REQUIREMENT =>
Leave the pictures out and repeat the rest of the data below exactly.

(Text-to-region grounding data)
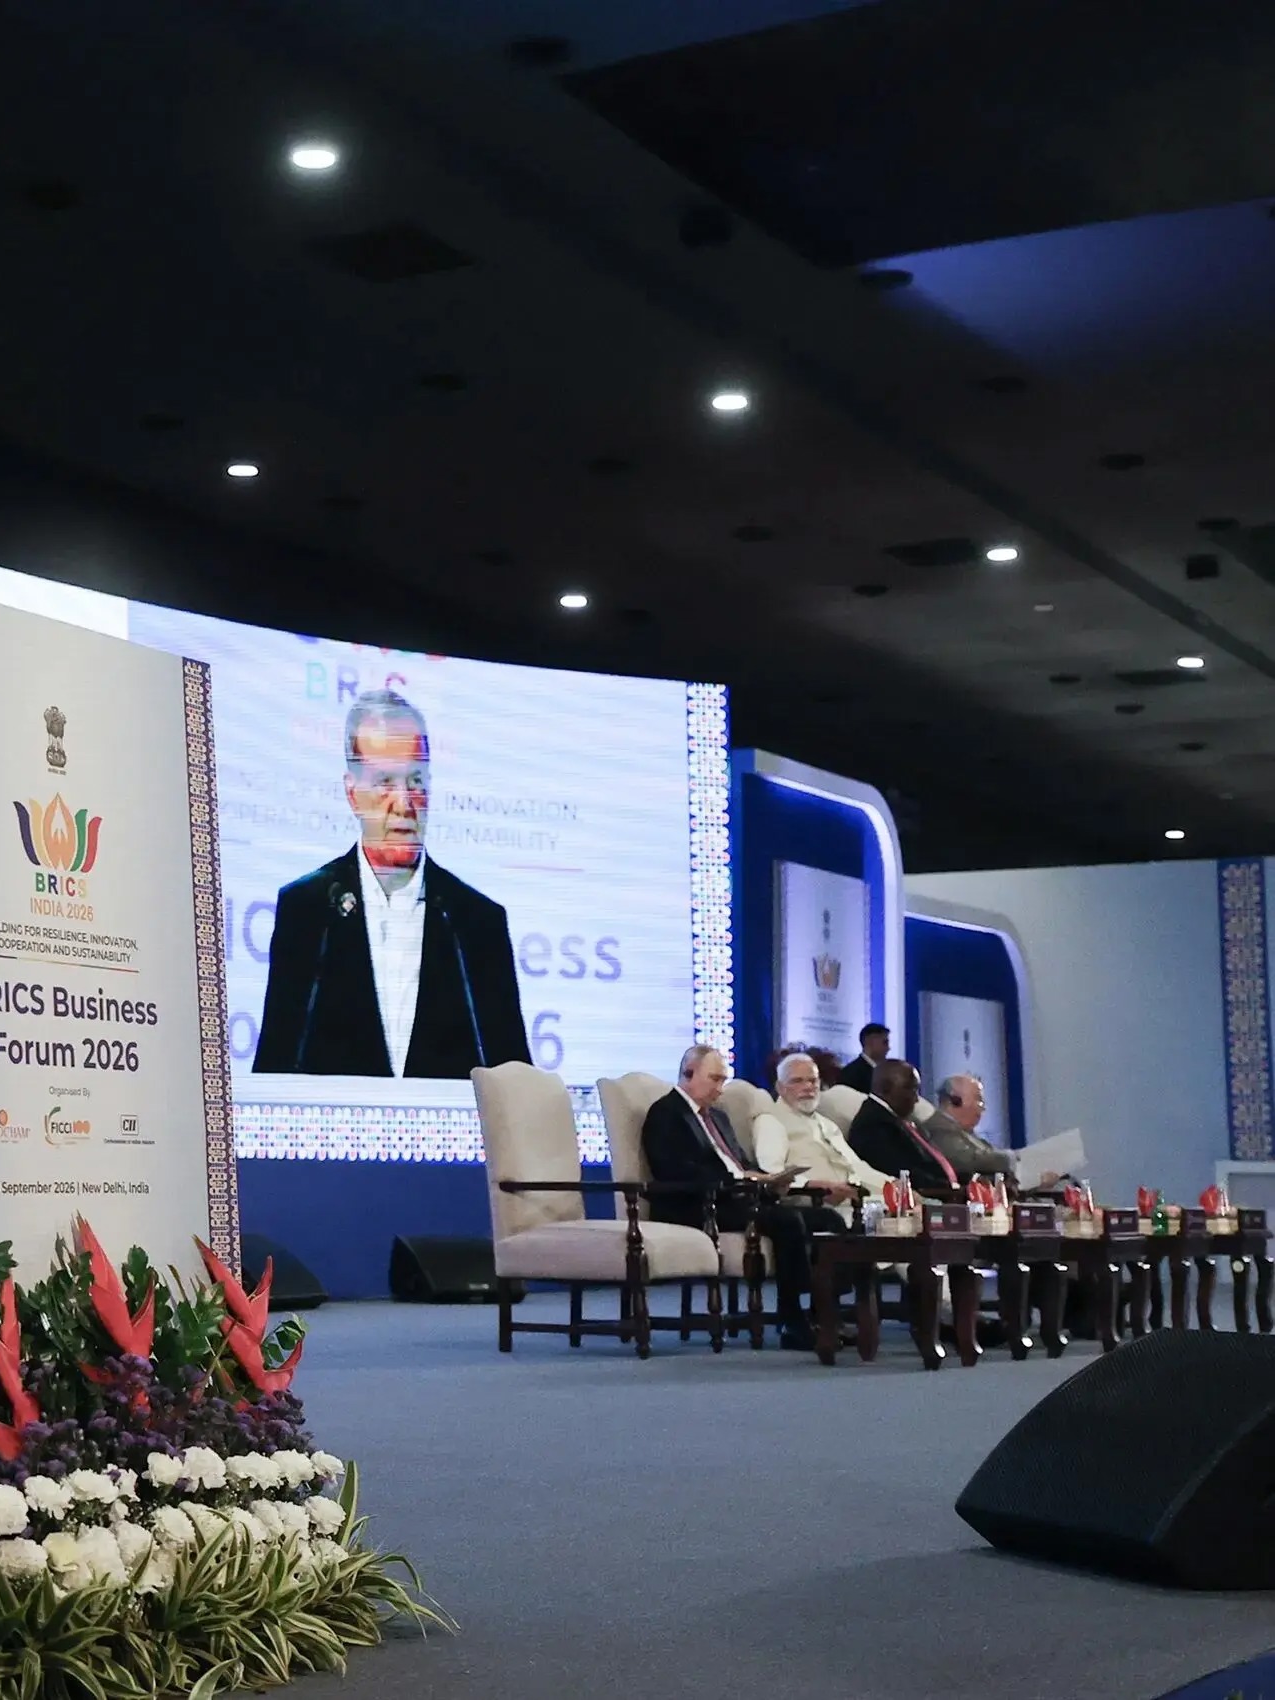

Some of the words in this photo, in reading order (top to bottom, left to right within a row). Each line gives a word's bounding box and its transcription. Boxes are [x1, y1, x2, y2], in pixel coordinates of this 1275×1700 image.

[35, 872, 87, 897] BRICS
[30, 897, 64, 919] INDIA
[25, 925, 41, 937] FOR
[42, 927, 89, 944] RESILIENCE,
[90, 934, 139, 951] INNOVATION,
[52, 945, 71, 956] AND
[72, 946, 131, 964] SUSTAINABILITY
[53, 986, 158, 1026] Business
[82, 1037, 140, 1073] 2026
[49, 1085, 82, 1097] Organised
[83, 1087, 91, 1099] By
[51, 1121, 72, 1134] FICCI
[122, 1119, 136, 1132] CII
[1, 1181, 52, 1196] September
[54, 1182, 76, 1195] 2026
[82, 1183, 102, 1195] New
[103, 1182, 127, 1196] Delhi,
[128, 1182, 150, 1195] India
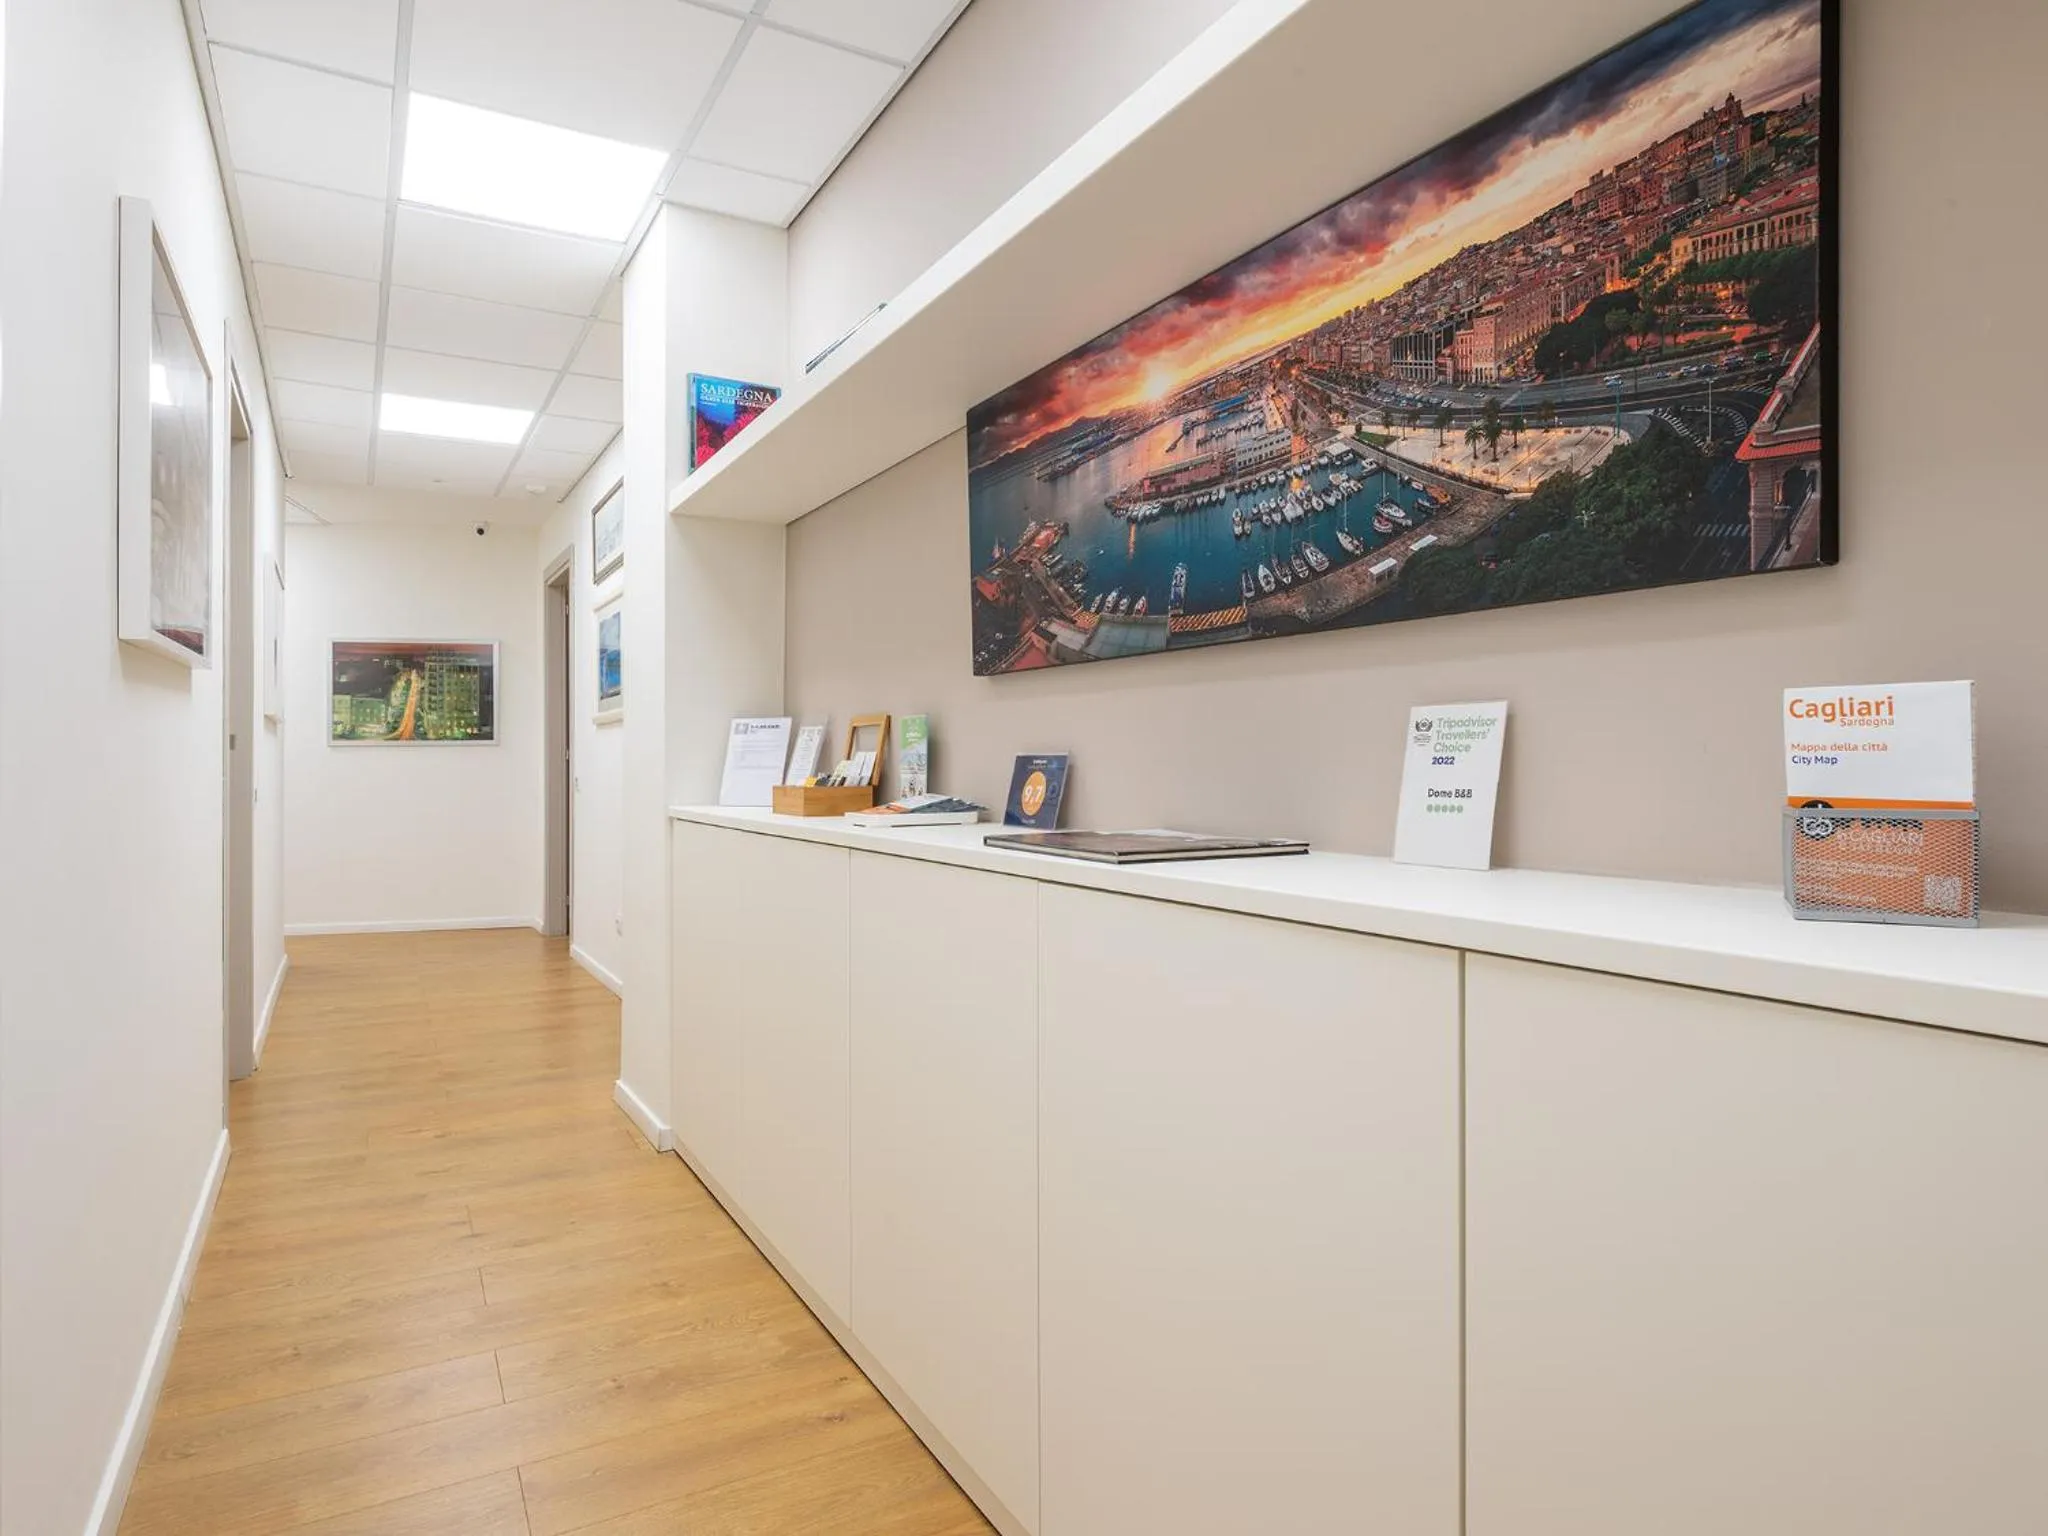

ANSWER SPACE =>
Some of the words in this photo, in reading order (top to bottom, left to right within a row). Each line gives a word's bounding box and its transcription. Boxes are [x1, y1, x2, y2], in pixel coordinates of this 1275×1700 image.

[35, 872, 87, 897] BRICS
[30, 897, 64, 919] INDIA
[25, 925, 41, 937] FOR
[42, 927, 89, 944] RESILIENCE,
[90, 934, 139, 951] INNOVATION,
[52, 945, 71, 956] AND
[72, 946, 131, 964] SUSTAINABILITY
[53, 986, 158, 1026] Business
[82, 1037, 140, 1073] 2026
[49, 1085, 82, 1097] Organised
[83, 1087, 91, 1099] By
[51, 1121, 72, 1134] FICCI
[122, 1119, 136, 1132] CII
[1, 1181, 52, 1196] September
[54, 1182, 76, 1195] 2026
[82, 1183, 102, 1195] New
[103, 1182, 127, 1196] Delhi,
[128, 1182, 150, 1195] India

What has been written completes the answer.